#### Your assignment
In your copy, repeat each record exactly and include no pictures.

#### Records for the task

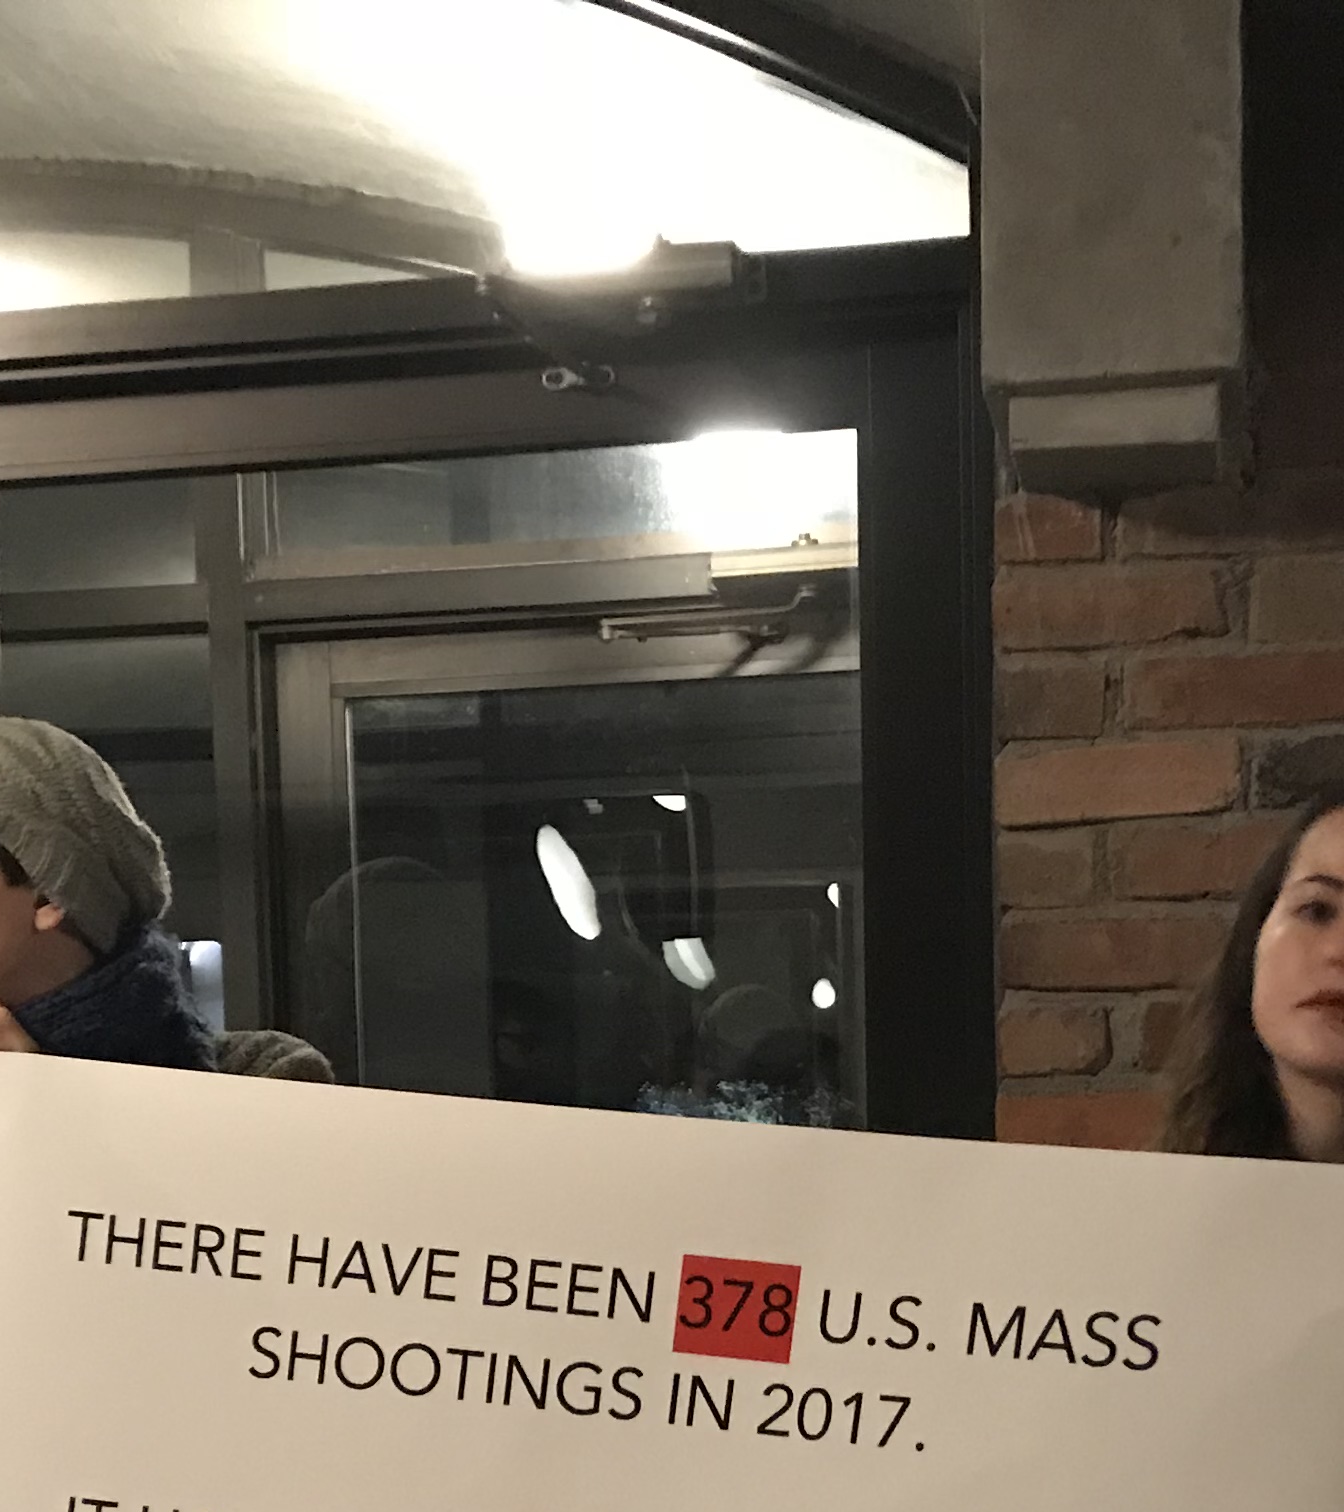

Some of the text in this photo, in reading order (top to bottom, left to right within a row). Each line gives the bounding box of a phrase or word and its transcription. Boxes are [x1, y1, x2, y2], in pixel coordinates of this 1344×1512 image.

[67, 1209, 1162, 1372] THERE HAVE BEEN 378 U.S. MASS
[248, 1326, 925, 1453] SHOOTINGS IN 2017.
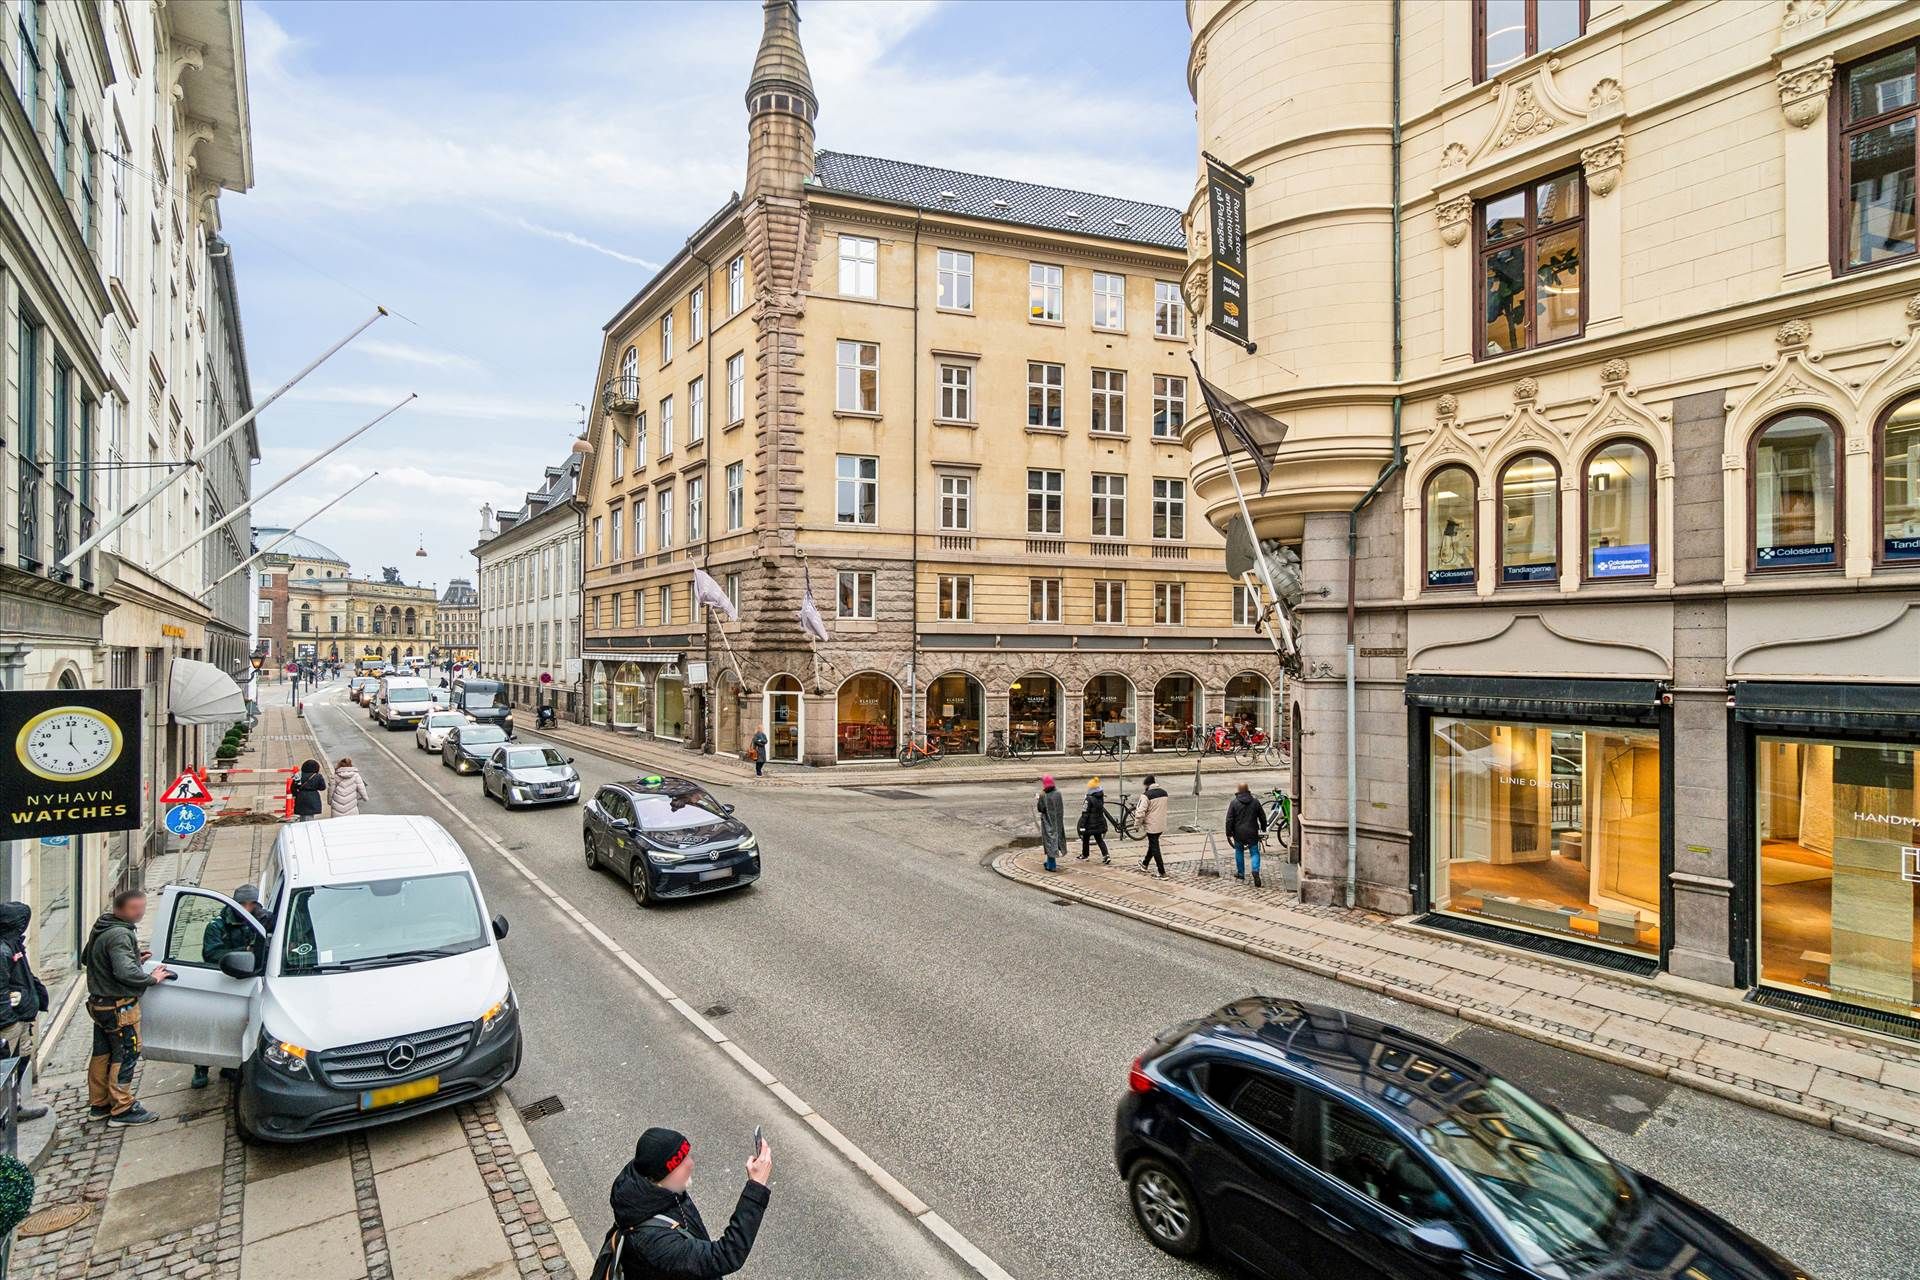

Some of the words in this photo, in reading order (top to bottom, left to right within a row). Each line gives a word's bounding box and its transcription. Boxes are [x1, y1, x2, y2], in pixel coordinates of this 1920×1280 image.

[1233, 198, 1241, 222] Rum
[1225, 193, 1233, 250] ambitioner
[1776, 546, 1832, 557] Colosseum
[1440, 570, 1474, 578] Colosseum
[1507, 565, 1552, 575] Tandlægerne
[1608, 563, 1649, 571] Tandlægerne
[1500, 776, 1526, 786] LINIE
[1529, 779, 1569, 790] DESIGN
[27, 790, 113, 806] NYHAVN
[11, 804, 127, 824] WATCHES

#### Answer area
Some of the text in this photo, in reading order (top to bottom, left to right within a row). Each line gives the bounding box of a phrase or word and its transcription. Boxes are [x1, y1, x2, y2], in pixel coordinates of this 1344×1512 image.

[67, 1209, 1162, 1372] THERE HAVE BEEN 378 U.S. MASS
[248, 1326, 925, 1453] SHOOTINGS IN 2017.

Some of the words in this photo, in reading order (top to bottom, left to right within a row). Each line gives a word's bounding box and its transcription. Boxes are [x1, y1, x2, y2], in pixel coordinates of this 1920×1280 image.

[1233, 198, 1241, 222] Rum
[1225, 193, 1233, 250] ambitioner
[1776, 546, 1832, 557] Colosseum
[1440, 570, 1474, 578] Colosseum
[1507, 565, 1552, 575] Tandlægerne
[1608, 563, 1649, 571] Tandlægerne
[1500, 776, 1526, 786] LINIE
[1529, 779, 1569, 790] DESIGN
[27, 790, 113, 806] NYHAVN
[11, 804, 127, 824] WATCHES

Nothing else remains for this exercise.